Женственность. О роли женского начала в нравственной жизни человека - Я. А. Мильнер-Иринин


Женственность. О роли женского начала в нравственной жизни человека читать книгу онлайн
Книга посвящена теории и практике нравственной жизни человека – его человечности. Человечность женщины, нравственно себя образующей, в определении автора есть женственность. Человечность же мужчины, нравственно себя образующего, есть мужественность. Женственность и мужественность взаимно дополняют понятие человечности. Но роль женщины в сравнении с мужчиной в нравственной жизни человека более значительна благодаря особенностям женского существа, женской доброты в частности. В доброте женщины с огромной сосредоточенной силой проявляются и все остальные черты женственности: утонченное изящество женщины, ее покоряющая нежность, ее обаятельная застенчивость, ее беспредельная преданность в любви, венчающаяся в великом чувстве материнства.
Текст книги и послесловия приводятся в авторской редакции.

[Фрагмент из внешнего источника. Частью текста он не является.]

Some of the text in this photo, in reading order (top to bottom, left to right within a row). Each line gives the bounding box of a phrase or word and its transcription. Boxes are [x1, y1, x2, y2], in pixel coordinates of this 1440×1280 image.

И с научной, и с общечеловеческой точек зрения книга актуальна и может быть интересна широкому кругу читателей.
The book is devoted to the theory and the practice of people’s moral life, that is their humaneness. According to the author the womanhood is the humaneness of a woman who has been forming herself ethically. And the humaneness of an ethically self-forming man is the manliness. The womanhood and the manliness are the mutual complement of the conception of the humaneness. But the woman’s part in comparison with the man’s is much more significance due to the features of the woman’s essence, particularly the woman’s goodness. It is the goodness that with enormous concentrated power has been manifesting all the womanhood features, such as woman’s refined grace, her conquering tenderness, her charming bashfulness, her infinite devotion to the love whose crown is the great sense of the motherhood.

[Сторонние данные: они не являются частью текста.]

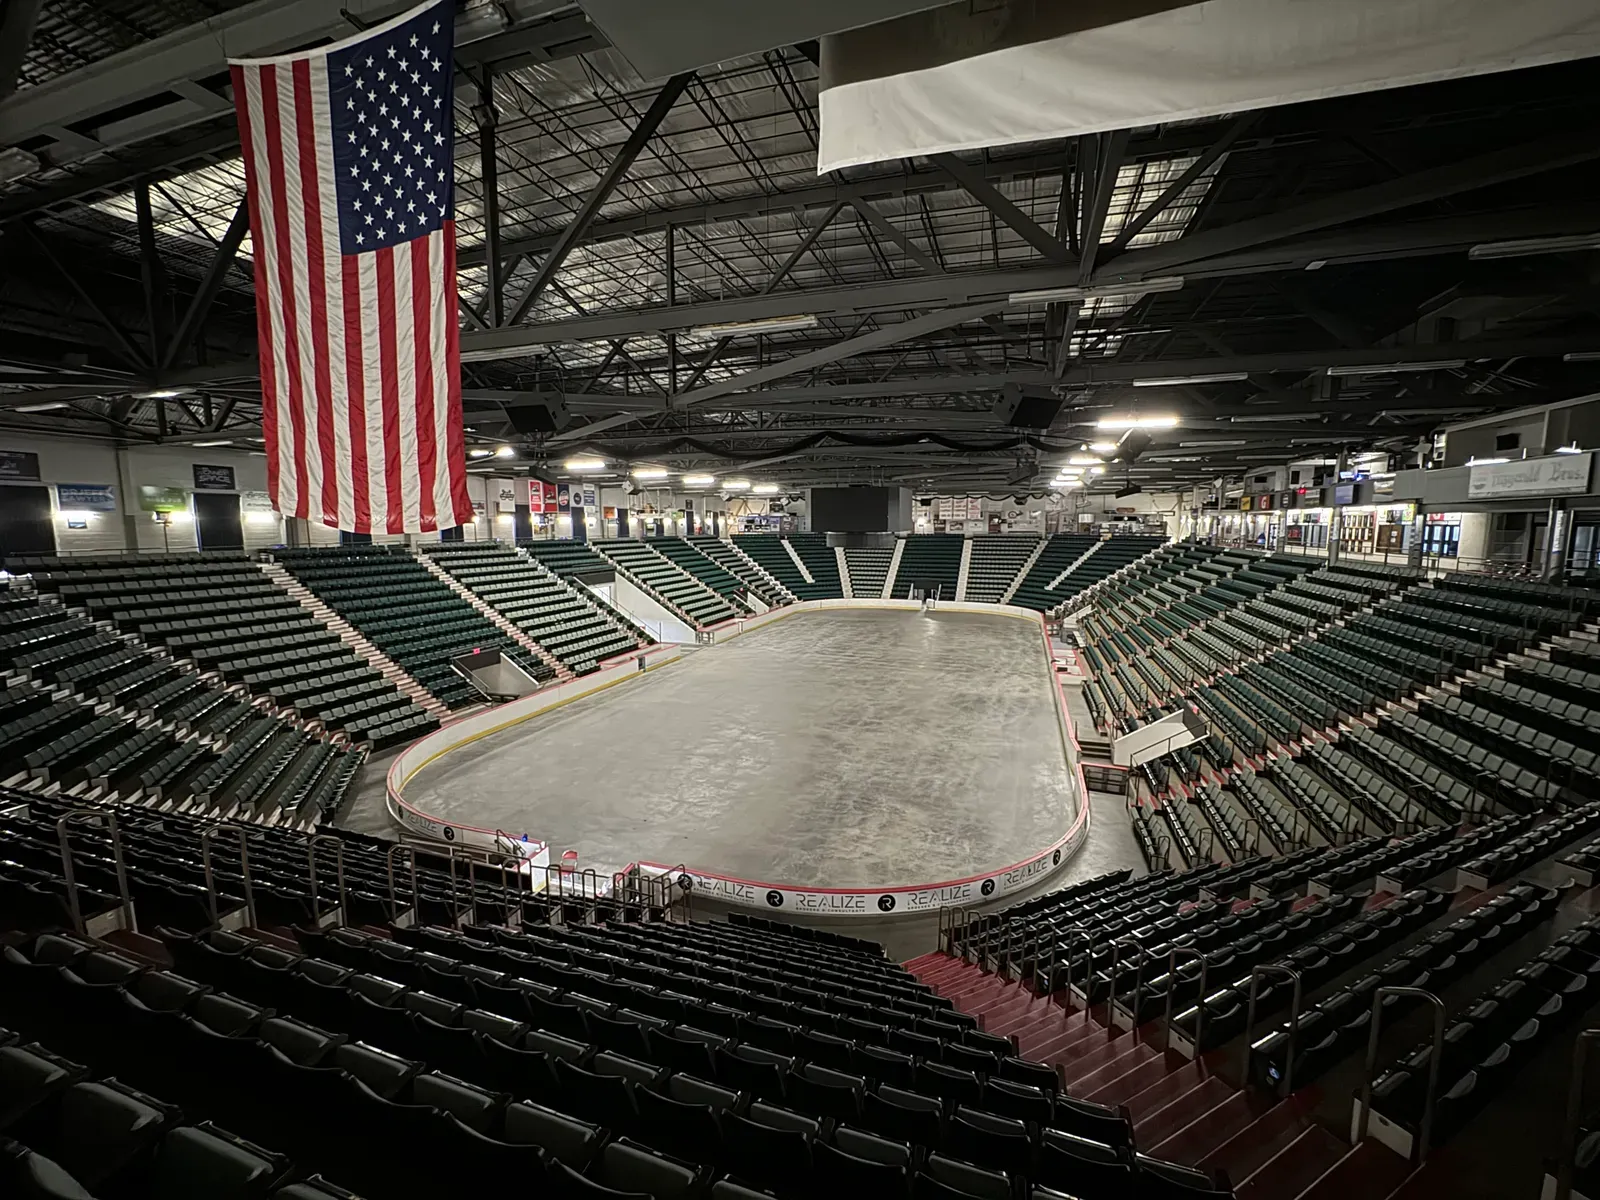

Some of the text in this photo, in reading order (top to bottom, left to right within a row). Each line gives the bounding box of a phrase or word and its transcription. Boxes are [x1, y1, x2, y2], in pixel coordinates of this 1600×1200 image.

The book is published in the author’s edition.
From both scientific and common to all mankind standpoint the book is topical and interesting to the wide readership.

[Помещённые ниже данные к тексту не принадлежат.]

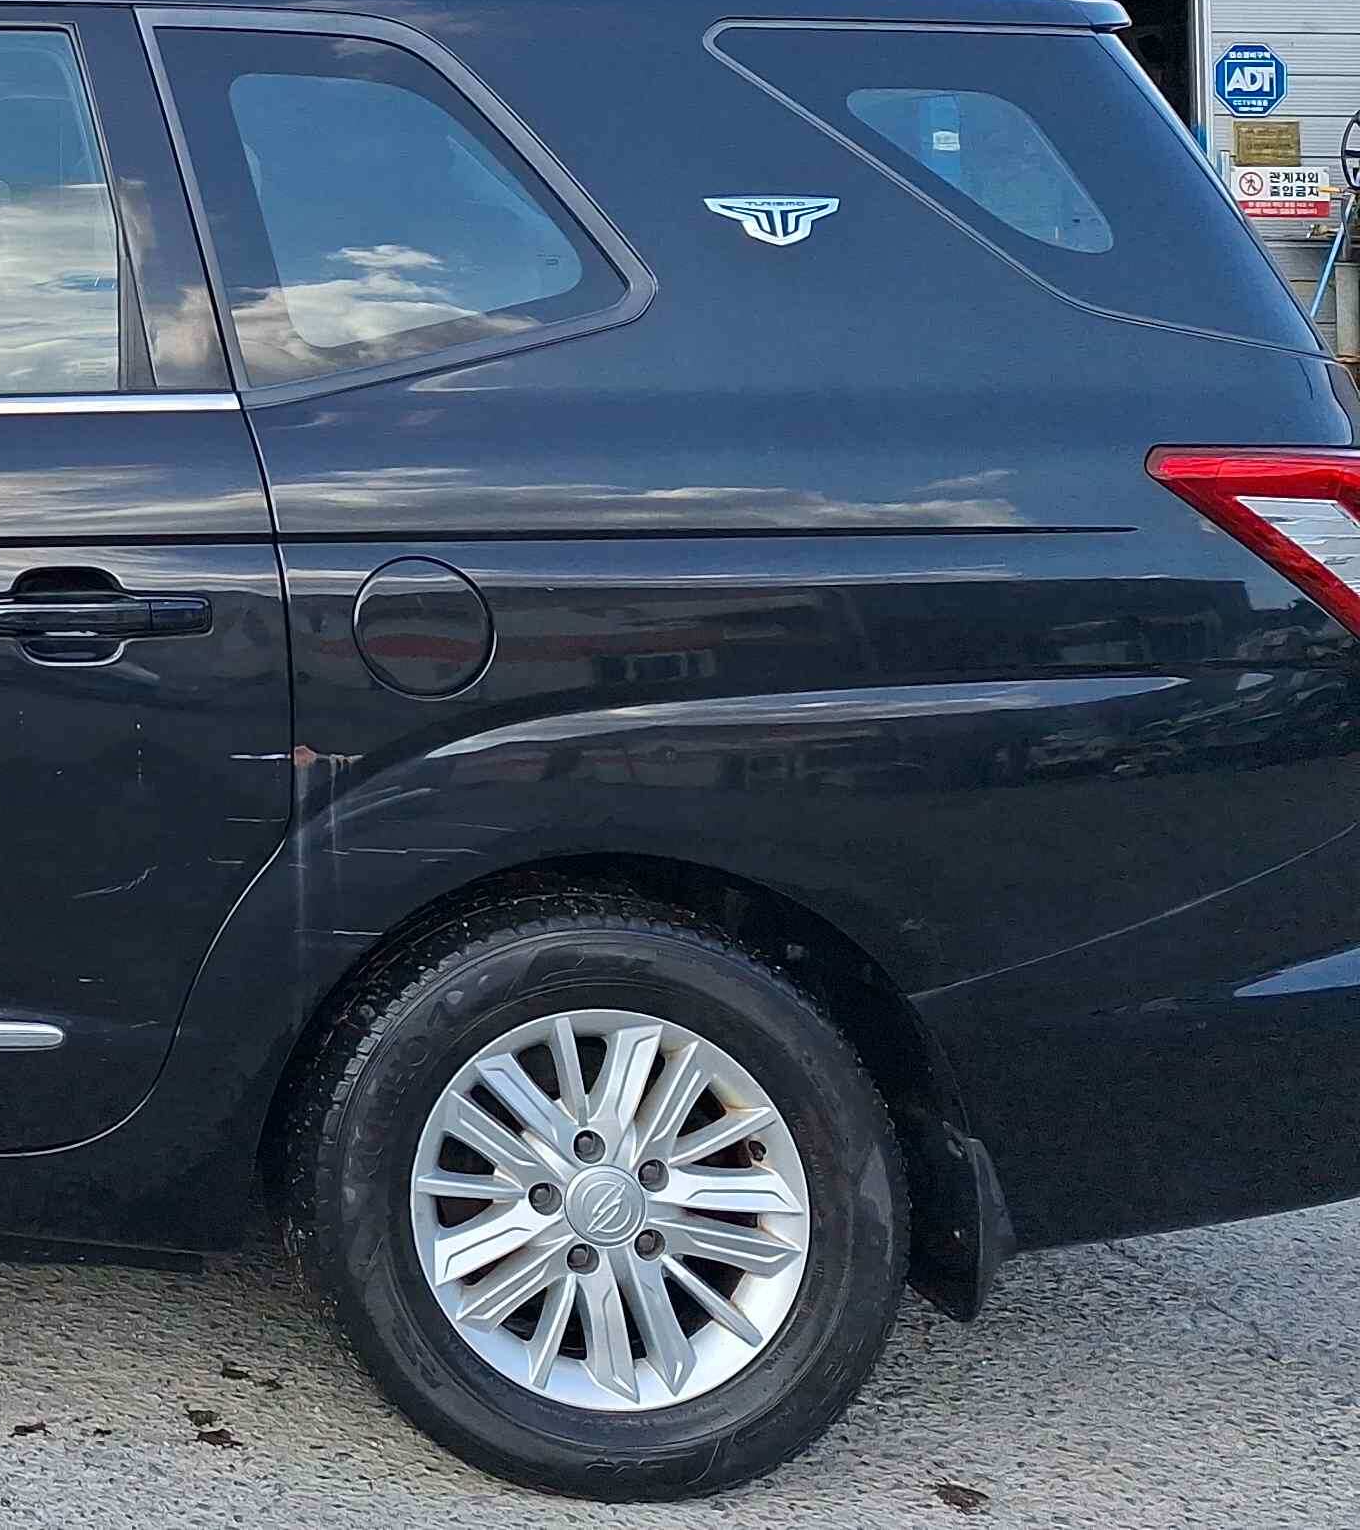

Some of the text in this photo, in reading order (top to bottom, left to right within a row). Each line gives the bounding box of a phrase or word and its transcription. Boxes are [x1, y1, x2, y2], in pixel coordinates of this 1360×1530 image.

То, что это не любовь, доказывается уже тем фактом, что героиня наша не пожелала бы физической близости с отвергнутым ею юношей. О роли чуда прикосновения в любви очень хорошо сказано в вышеприведенном отрывке из Олдингтона. Даже в самой чистой, самой возвышенной любви эта физиологическая ее подоснова всегда и неизменно, хотя и незримо и неосознанно присутствует на всех ее стадиях, сообщая любви человеческой ее специфический и захватывающий несказанно тонкий и нежный эротизм. Без сладостной перспективы физического обладания, пусть самой отдаленной, при одной мысли о которой дух захватывает, без подсознательного иногда стремления увидеть когда- нибудь возлюбленную во всей ослепительной красоте ее обнаженного тела, без чуда прикосновения, когда любимая, даже чисто случайно и невзначай коснувшись своими волосами лица любящего, вызывает в нем невольную дрожь, которую скрыть, конечно, невозможно и которая невольно передается и ей, – без полового влечения нет и не может быть любви. А кто в состоянии отрицать, что это половое влечение в высшей степени избирательно и уж во всяком случае от воли человека не зависит. Здесь сказывается то, что зовется зовом плоти, он видоизменяется в соответствии с тончайшими особенностями физиологического строения каждого. Вот почему «чудо прикосновения» Олдингтона я переиначил в «таинство прикосновения», последнее ближе характеризует неподвластность этого чувства нашей воле. И только и единственно взаимная любовь, предполагающая полное слияние, стало быть и физическое, двух любящих сердец, до некоторой степени облагораживает, как я уже имел случай говорить об этом (в главе о стыдливости), самый процесс совокупления.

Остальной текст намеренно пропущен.